And quietly, many young athletes start to believe something is wrong with them.
This is one of the biggest misunderstandings in youth sports today.
Mental performance challenges are not a flaw.
They are not a weakness.
And they do not mean your child is broken.
In fact, they mean your child is human.
Why Young Athletes Think Something Is Wrong

Most young athletes are taught how to train their bodies:
Strength
Speed
Skill
Conditioning
But very few are taught how to train their mind.
So when emotions show up—nerves, frustration, fear, self-doubt—athletes assume they’re doing something wrong. They believe confidence should just appear. That toughness means never feeling stress. That elite athletes don’t struggle mentally.
None of that is true.
The problem isn’t that your athlete feels pressure.
The problem is that no one has taught them what to do with it.
Why Elite Athletes Train Their Mind
Mental performance training exists because pressure never goes away—it increases.
That’s why professional athletes and teams openly invest in mental performance coaches:
NBA teams employ full-time mental performance staff
NFL quarterbacks work with sports psychologists on focus and emotional control
Olympic athletes train visualization, breathwork, and mental routines as seriously as physical ones
MLB hitters work on failure management because they fail more than they succeed
Elite athletes don’t train mentally because they’re weak.
They train mentally because the margins are thin.
At the highest level, everyone is skilled.
The difference is who stays composed, confident, and present when things get hard.
Mental Toughness Is Not What Most People Think
Many parents grew up believing mental toughness meant:
“Push through it”
“Don’t think about it”
“Just be confident”
“Shake it off”
But modern sports psychology shows us something different.
Mental toughness is not the absence of emotion.

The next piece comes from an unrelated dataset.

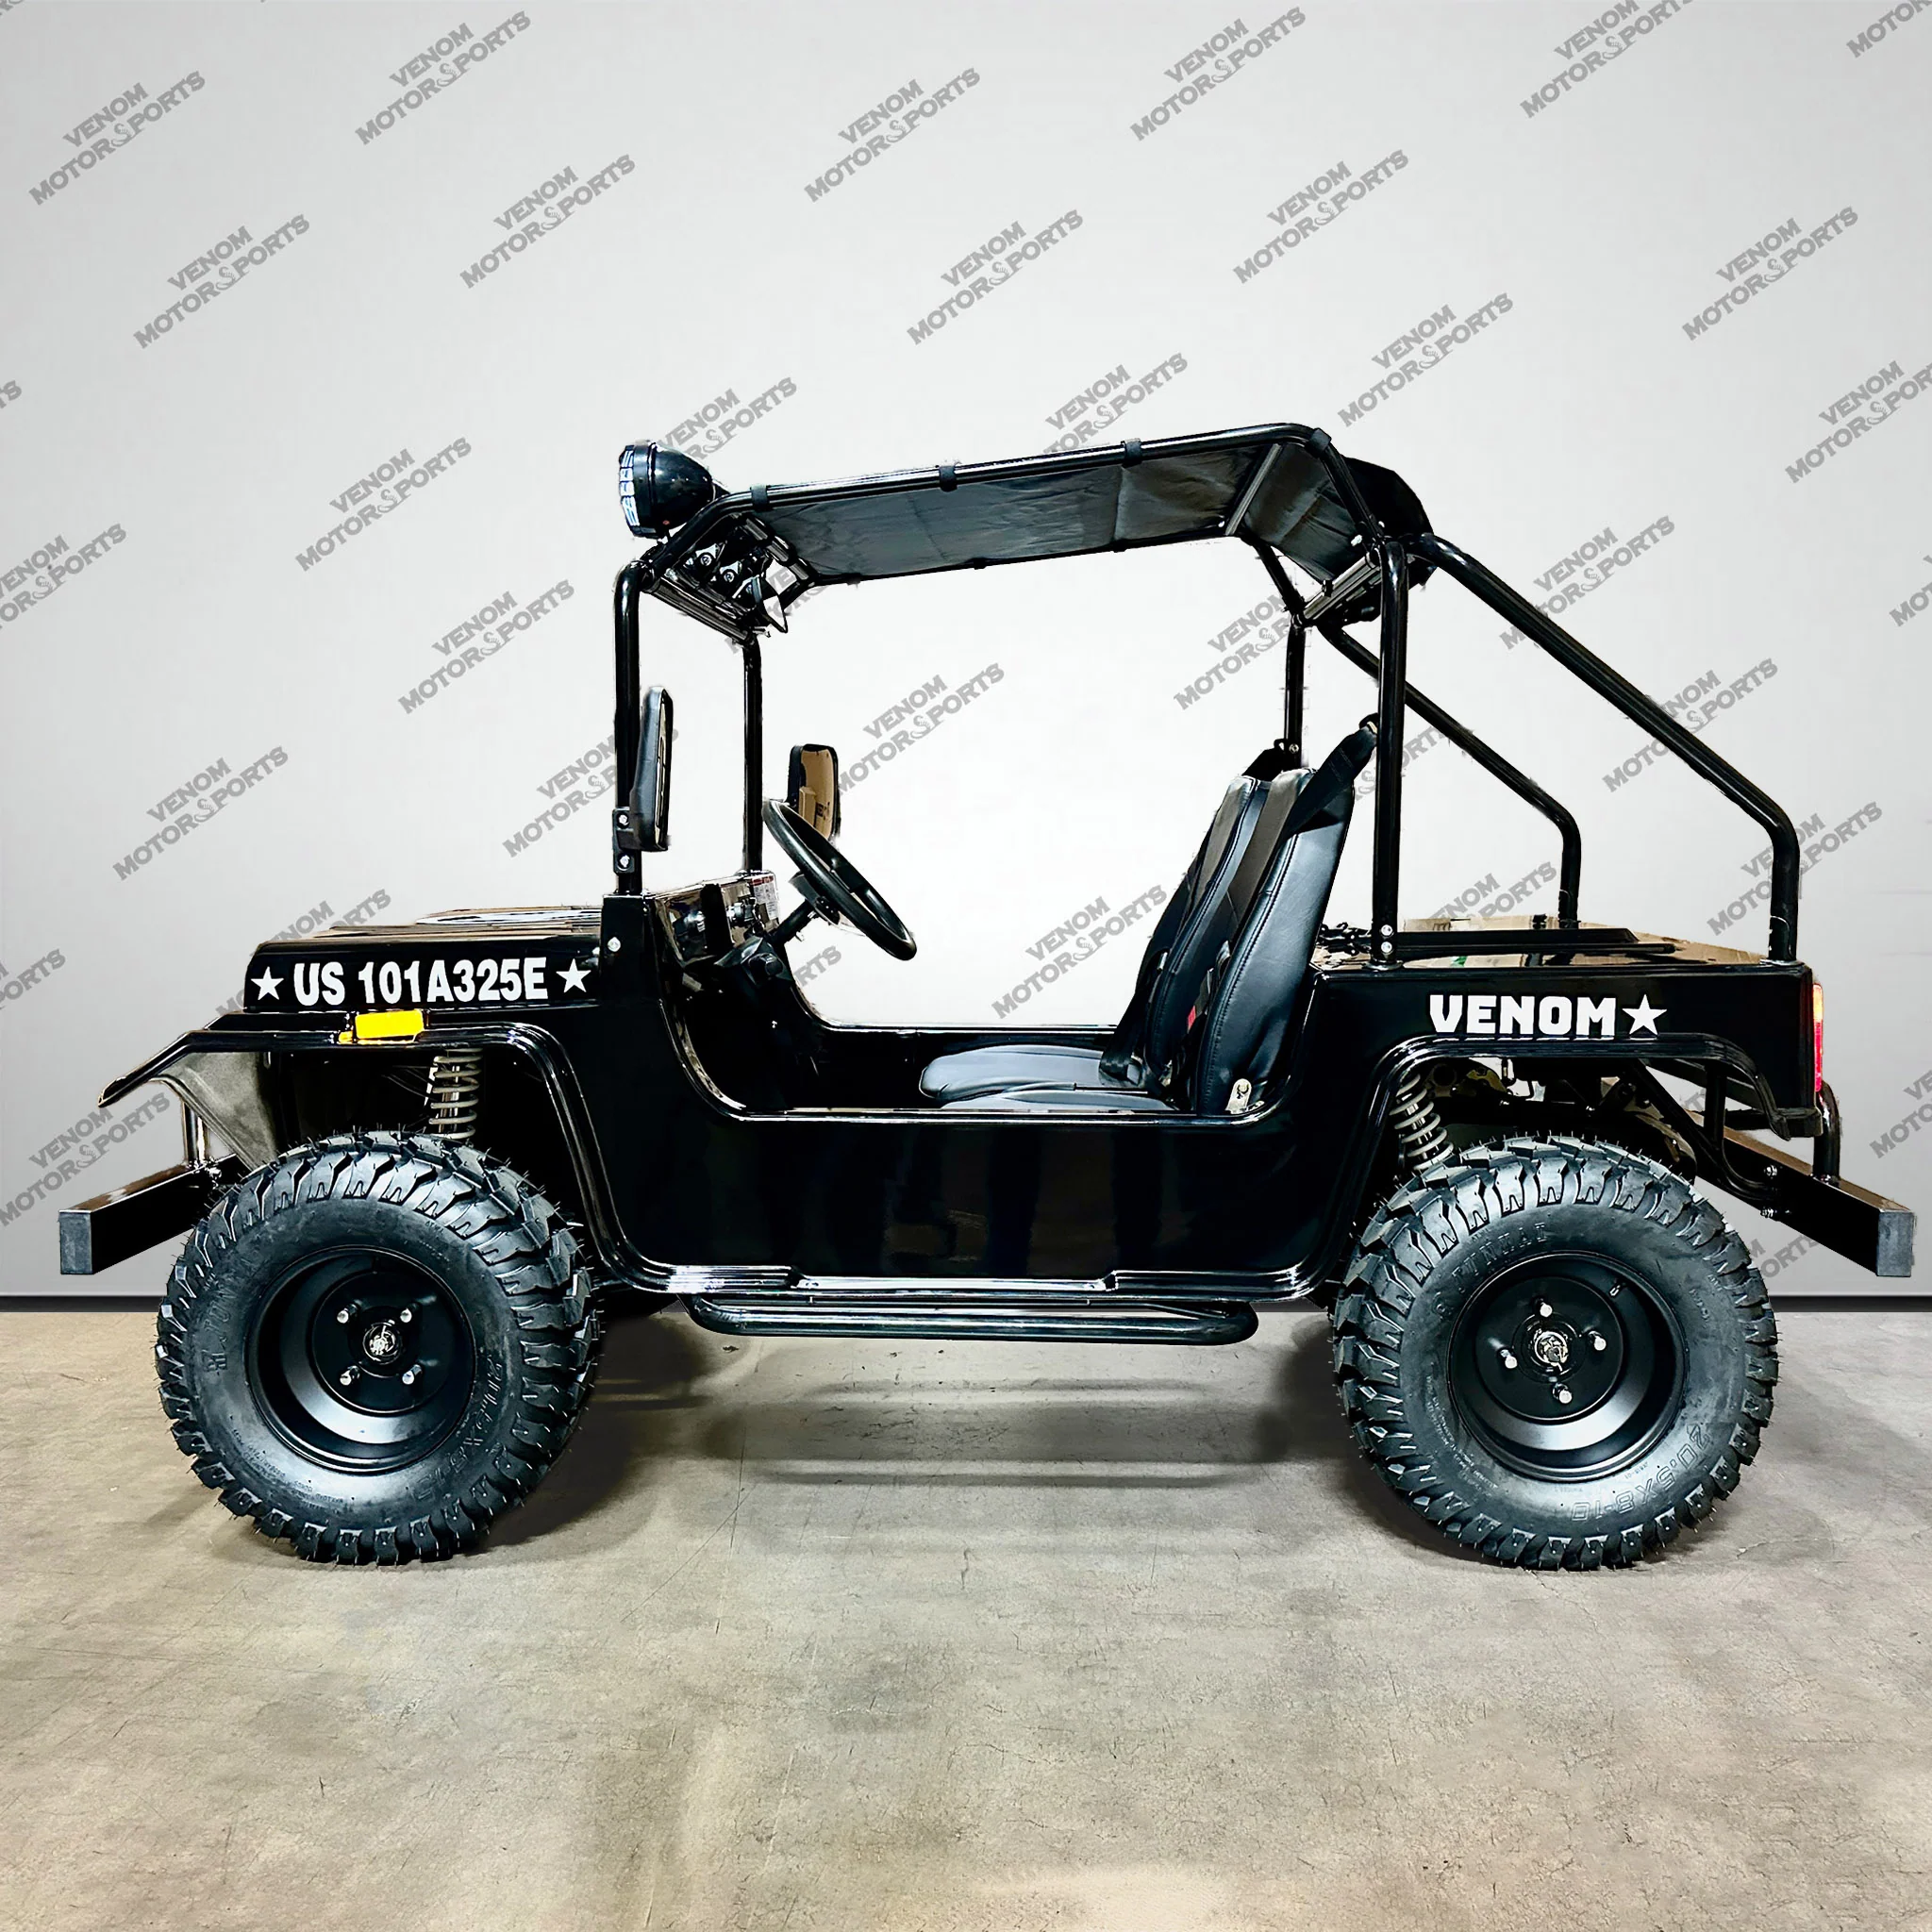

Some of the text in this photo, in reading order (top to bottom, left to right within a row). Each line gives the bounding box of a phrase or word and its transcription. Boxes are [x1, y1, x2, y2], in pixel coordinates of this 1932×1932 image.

It’s the ability to manage emotion.
A mentally tough athlete:
Feels nerves but knows how to reset
Makes mistakes without spiraling
Handles adversity without losing confidence
Stays present instead of stuck in the past or worried about the future
That’s a skill set.
And skills can be trained.
Why Mental Performance Training Is Like Strength Training
Here’s the simplest way to explain this to your child:
“We train your body, so it gets stronger.
We train your mind, so it gets steadier.”

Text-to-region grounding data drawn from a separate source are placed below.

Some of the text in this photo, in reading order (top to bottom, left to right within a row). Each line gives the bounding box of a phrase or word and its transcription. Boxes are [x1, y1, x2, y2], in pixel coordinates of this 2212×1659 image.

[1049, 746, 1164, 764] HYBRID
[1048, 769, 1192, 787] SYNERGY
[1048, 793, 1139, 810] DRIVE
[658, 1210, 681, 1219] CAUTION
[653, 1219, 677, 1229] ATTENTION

No one expects a young athlete to squat 300 pounds without training.
So why do we expect them to handle pressure without tools?
Mental performance training teaches athletes:
How to regulate emotions
How to refocus after mistakes
How to build confidence through behavior, not hype
How to respond instead of reacting
This isn’t therapy.
It’s performance training.
How Parents Can Reframe the Conversation
What you say matters more than you think.
Instead of:
❌ “Why are you so nervous?”
❌ “You just need to be more confident.”
❌ “Don’t let it bother you.”
Try:
✅ “Pressure means you care.”
✅ “Every athlete learns this at some point.”

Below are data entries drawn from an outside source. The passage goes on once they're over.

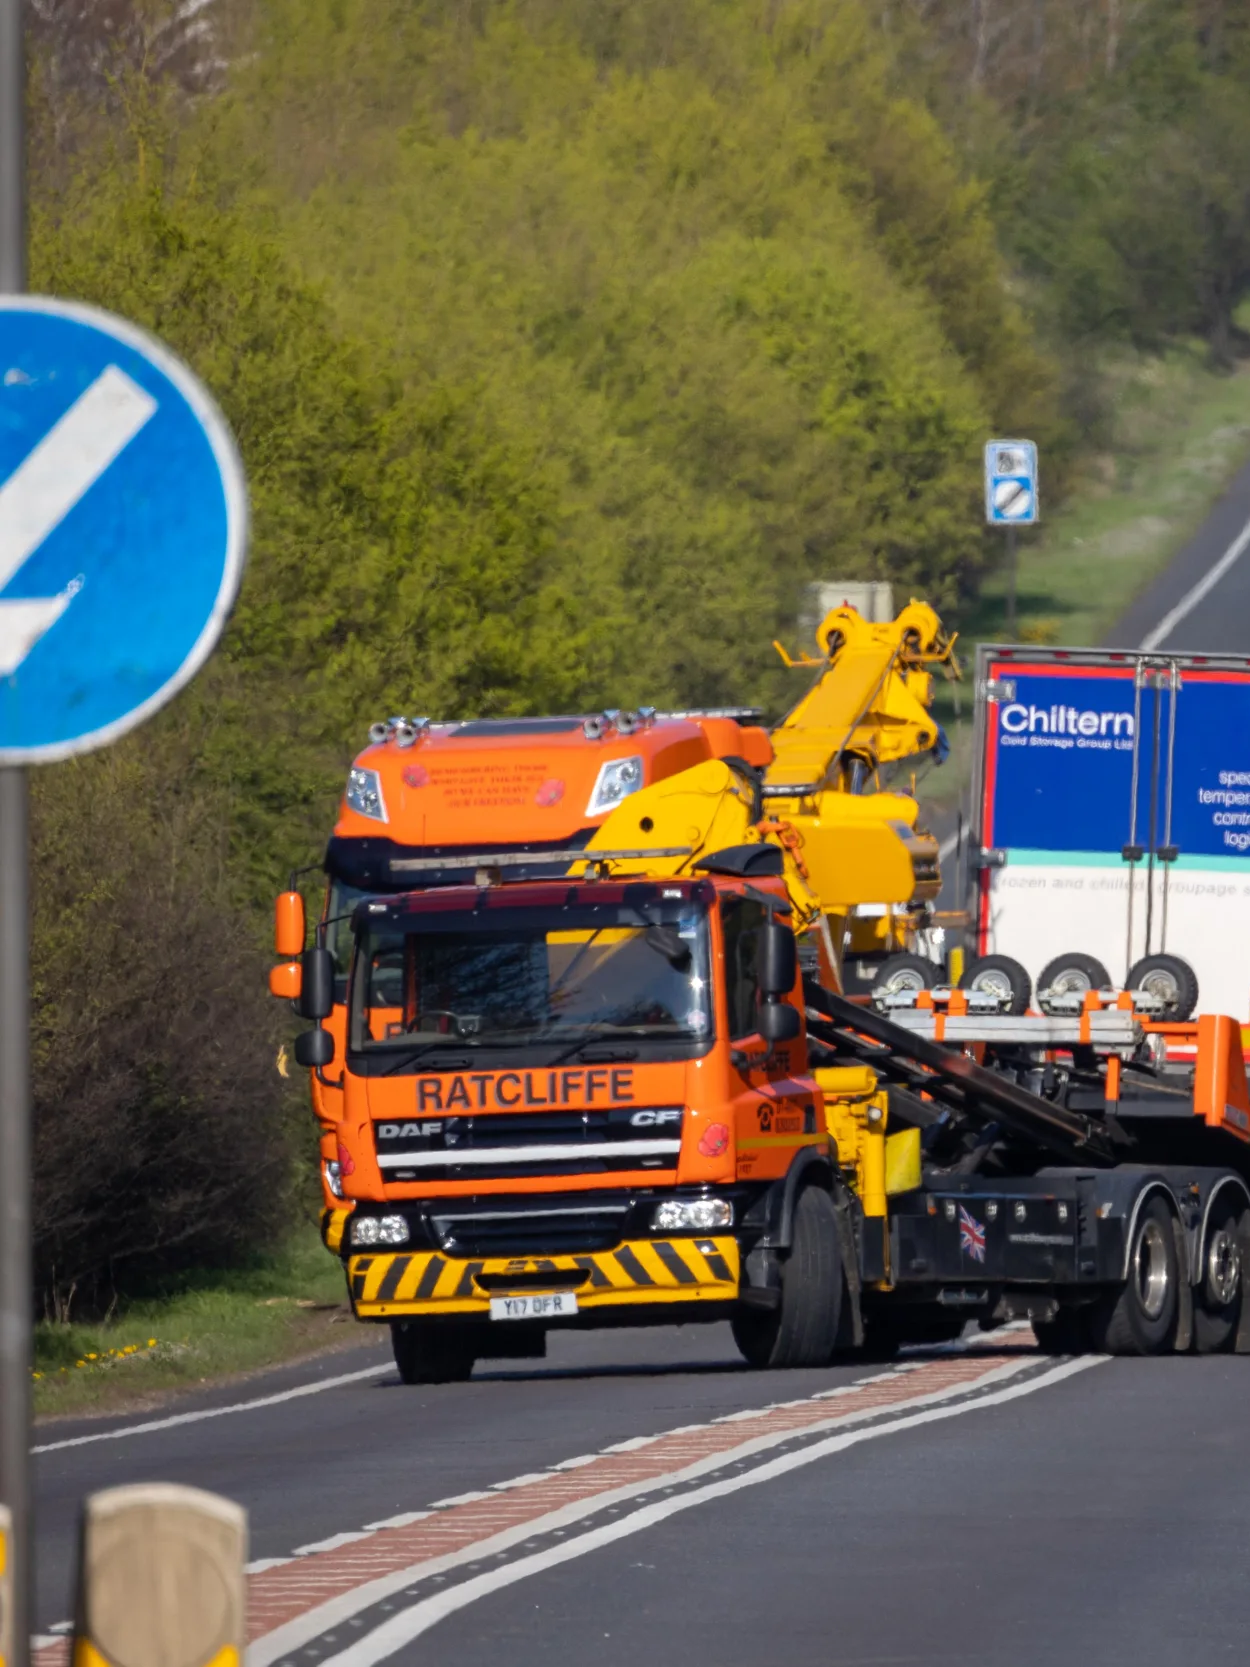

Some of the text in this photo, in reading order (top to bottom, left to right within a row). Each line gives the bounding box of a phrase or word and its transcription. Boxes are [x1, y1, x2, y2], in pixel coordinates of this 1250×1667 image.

[1001, 704, 1134, 736] Chiltern
[1000, 735, 1027, 746] Cold
[1029, 735, 1074, 749] Storage
[1076, 737, 1112, 750] Group
[1052, 877, 1084, 889] and
[417, 1069, 635, 1112] RATCLIFFE
[378, 1110, 683, 1140] DAF CF
[504, 1298, 528, 1316] Y17

✅ “This is something we can train.”
The goal isn’t to remove emotion.
It’s to normalize it—and give your athlete tools.
When parents treat mental performance as development, athletes stop seeing it as a defect.
What the Experts Agree On
Sports psychologists consistently agree on this:
Confidence is built through preparation and clarity, not motivation
Emotional regulation is trainable at any age
Athletes who learn mental skills early perform better long-term
Mental performance training reduces burnout and anxiety
The earlier athletes learn these tools, the more resilient they become—not just in sports, but in life.
The Bottom Line for Parents
If your athlete struggles mentally at times, it does not mean:
They are weak
They are behind
They are broken
It means they are ready for the next phase of development.
The same way physical training supports the body, mental performance training supports the athlete behind the uniform.
And the most successful athletes—at every level—train both.
Your job as a parent isn’t to fix their emotions.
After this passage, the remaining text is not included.